On 5 apr 2010, at 11.55, Ragnar Sundblad wrote:
>
> On 5 apr 2010, at 06.41, pavan chandrashekar wrote:
>
>> Ragnar Sundblad wrote:
>>> Hello,
>>> I wonder if anyone could help me with a pci-e problem.
>>> I have a X4150 running snv_134. It was shipped with a "STK RAID INT"
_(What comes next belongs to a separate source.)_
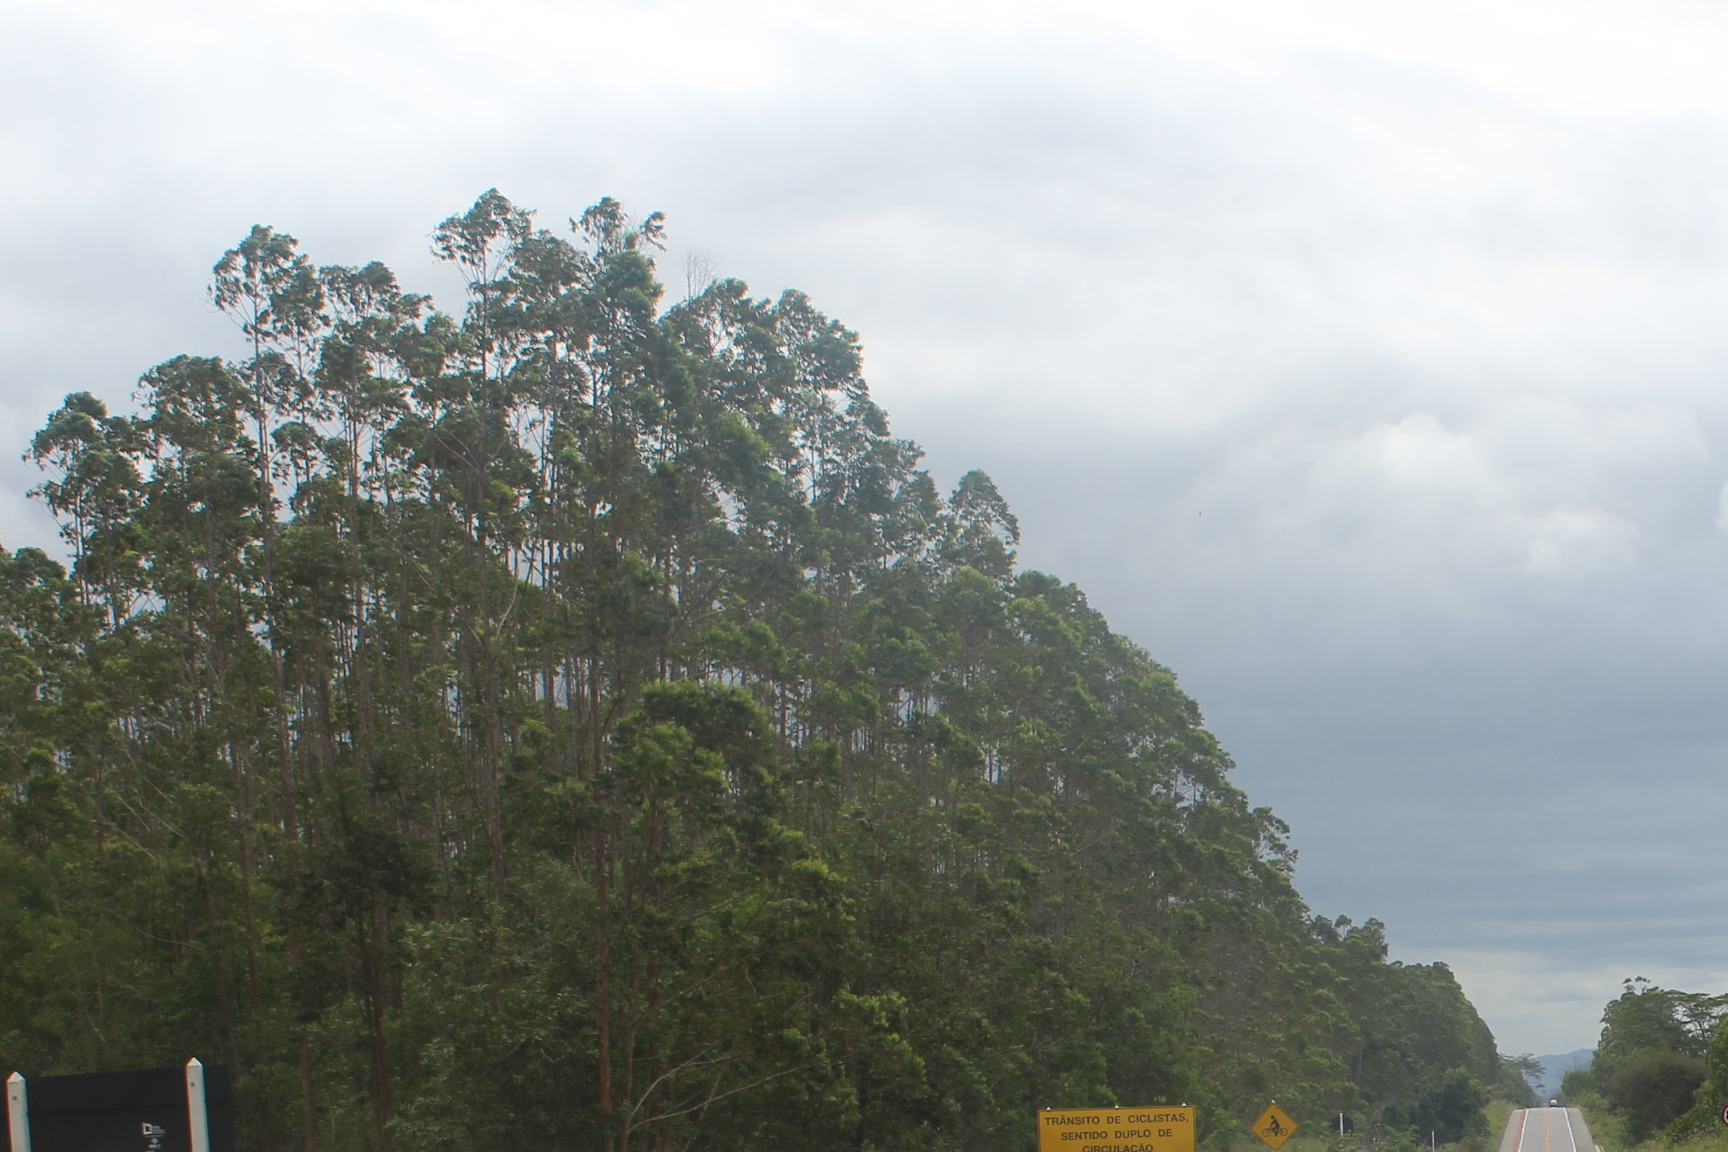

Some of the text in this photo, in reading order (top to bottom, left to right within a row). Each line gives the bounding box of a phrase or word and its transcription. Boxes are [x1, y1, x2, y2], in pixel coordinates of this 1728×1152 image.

[1044, 1113, 1189, 1126] TRÂNSITO DE CICLISTAS,
[1061, 1128, 1173, 1141] SENTIDO DUPLO DE
>>> adaptec/intel/storagetek/sun SAS HBA. The machine also has a
>>> LSI SAS card in another slot, though I don't know if that is
>>> significant in any way.
>>
>> It might help troubleshooting.
>>
>> You can try putting the disks behind the LSI SAS HBA and see if you still
>> get errors. That will at the least tell you if the two errors are
>> manifestations of the same problem, or separate issues.
>>
>> You might still have issues with the fabric. You can then take off the HBA
>> that is throwing errors (STK RAID) and put the LSI SAS HBA on the slot on
>> which the STK RAID rested earlier and check the behaviour.
>> Maybe, this will point at the culprit. If the fabric errors continue with
>> what ever card on the currently faulty slot (if at all it is), it is more
>> probable that the issue is with the fabric.
>
> Thanks! The only problem right now and the last few days is that the
> machine is at my workplace, some 10 kilometers away, and we have
> eastern holiday right now. I was hoping to use those days off having
> it running tests all by itself, but have instead been chasing hidden
> easter eggs inside an intel design.
>
> I have now discovered that the ereport.io.pci.fabric started when
> I upgraded from snv_128 to 134, I totally missed that relation before.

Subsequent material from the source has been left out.